How Venice Became a Prop for these Three Legendary Films

white concrete bridge between houses
Photo by Artur Roman on

Venice has long been a fruitful field of motivation for many of the world’s finest writers and filmmakers. From William Shakespeare to the famous James Bond films, the mysterious floating city, with its gothic architecture, winding alleyways, silky canals, and beautiful artwork, has caught the artist’s imagination like no other town on earth. The journeys throughout the city, both psychologically and physically, have gone down in folklore, leaving an exciting array of places to visit for those interested in film and literature.

Death in Venice

As you might expect from its obvious title, Thomas Mann’s famous 1912 CE novella, adapted into a film in 197 CE1 with Dirk Bogarde, is set predominately in this mystical water city. Both profoundly feature the Lido, an 10km long sandbar in the town that is easily accessible from Venice airport. The Grand Hôtel des Bains, made famous by the story, closed its doors in 2010 CE and will re-open as a luxury apartment complex. As of November 2019, the building is still awaiting renovation. A large fence surrounds it, with a guard employed inside.

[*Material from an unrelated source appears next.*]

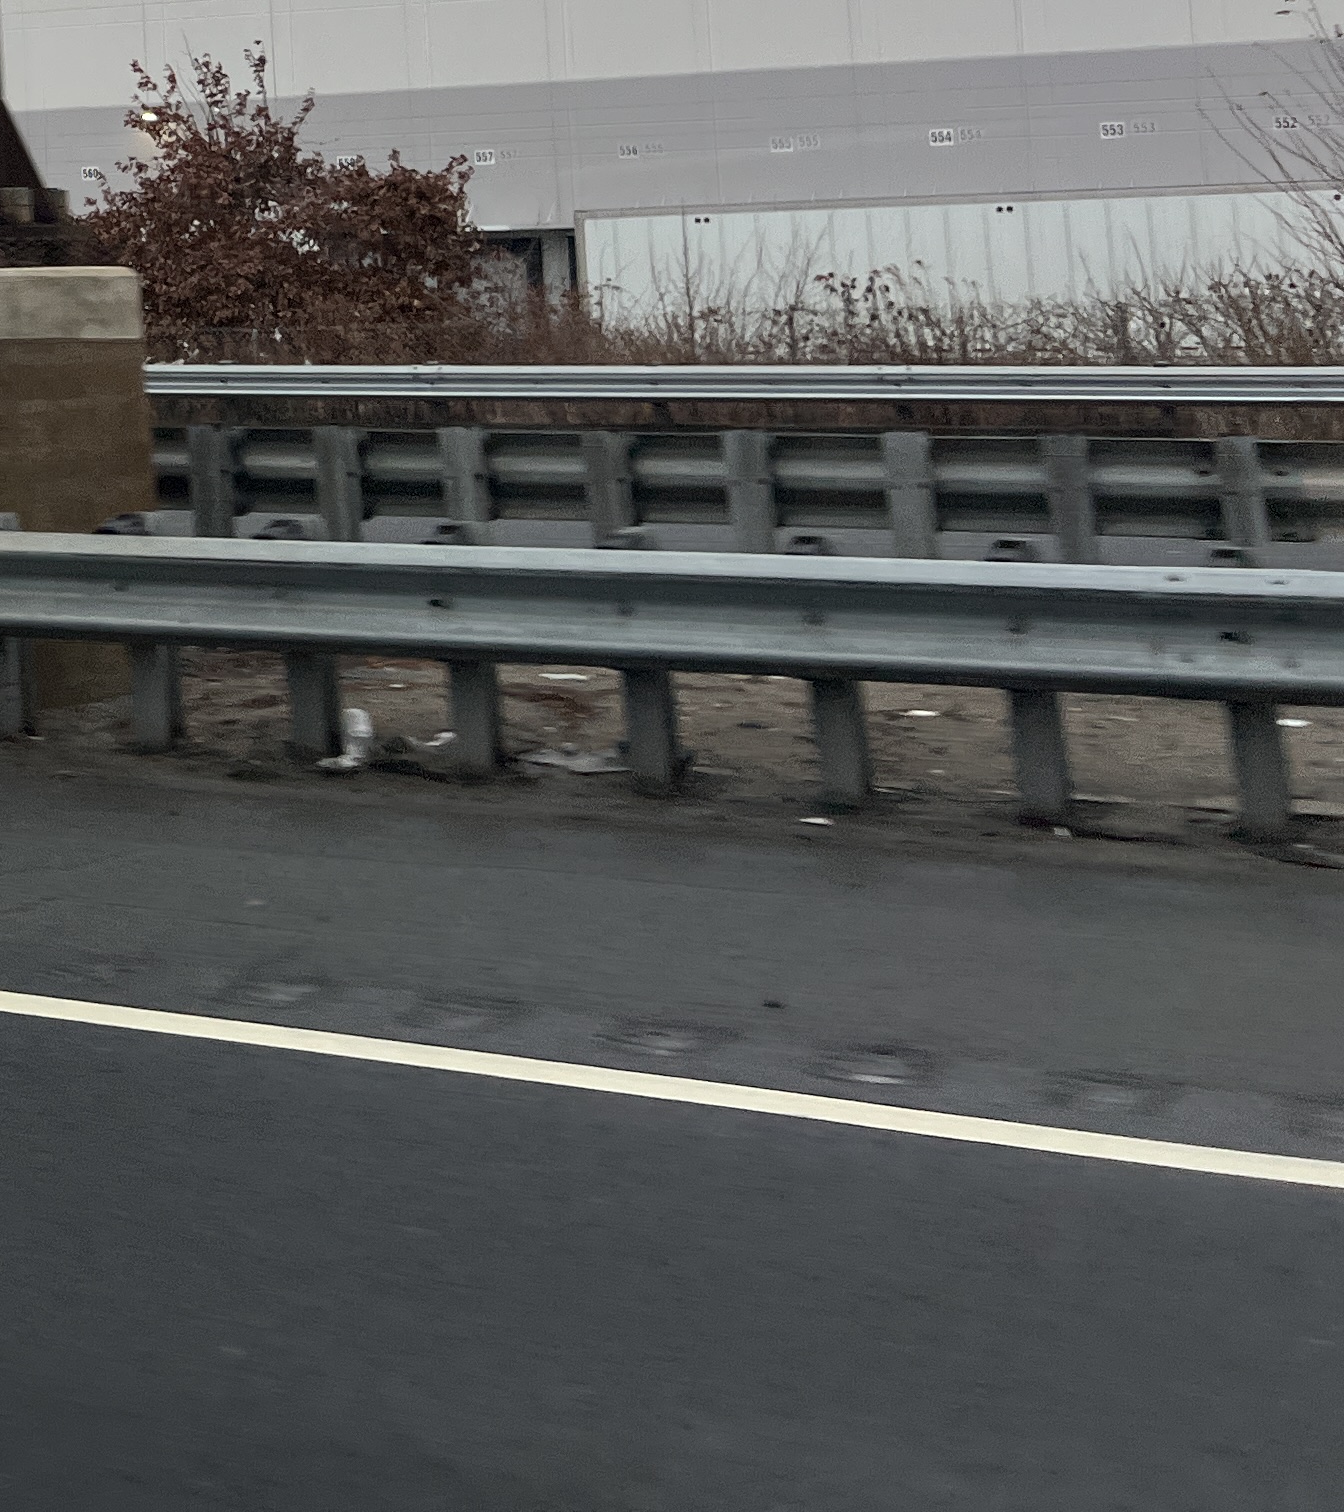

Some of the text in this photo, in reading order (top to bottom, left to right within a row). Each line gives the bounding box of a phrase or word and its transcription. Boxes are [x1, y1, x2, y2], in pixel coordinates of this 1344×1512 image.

[929, 130, 952, 144] 554
[1100, 123, 1124, 137] 553
[475, 151, 493, 163] 557

This was not due to a cholera epidemic; it must be pointed out! For fans of the film and book, you can still savor the taste of the Lido and the nearby beach where Gustav von Aschenbach hounded daily over Tadzio, the beautiful, blonde-locked young boy.


The 11th James Bond film, 1979 CE’s Moonraker, saw Roger Moore explore Venice to examine the disappearance of a space shuttle. Many of the town’s most famous places pop up in the film. At one point, James Bond, in a comic scene that the critics whipped, steers an inflatable gondola around the ancient canal network and St Mark’s Square. James Bond also fights with a henchman called Chang by the prominent clock tower, and, in an essential plot-point concerning mysterious glassware, the spy visits Drax’s museum and glassworks, which is just off Piazza San Marco. So, if you are inside a Venice car, or perhaps at the boat, ask the driver or your boatman to point you in the direction of some of these fabulous locations.

The Last Crusade

In the third installment of the Indiana Jones trilogy, Harrison Ford’s character appears in the town to study his father’s disappearance, who had been trying to search for the Holy Grail. In a memorable moment in the movie, Indy discovers a vital clue in the Church of San Barnaba. Anyone who is a local should take you to this church, located in the Dorsoduro district, which is across the Grand Canal from St Mark’s. The church, built-in 1749 CE, is open daily from 7.30 am to noon and 4.30 pm to 7 pm, wherein you can view this iconic interior made popular by the legendary Spielberg and crew.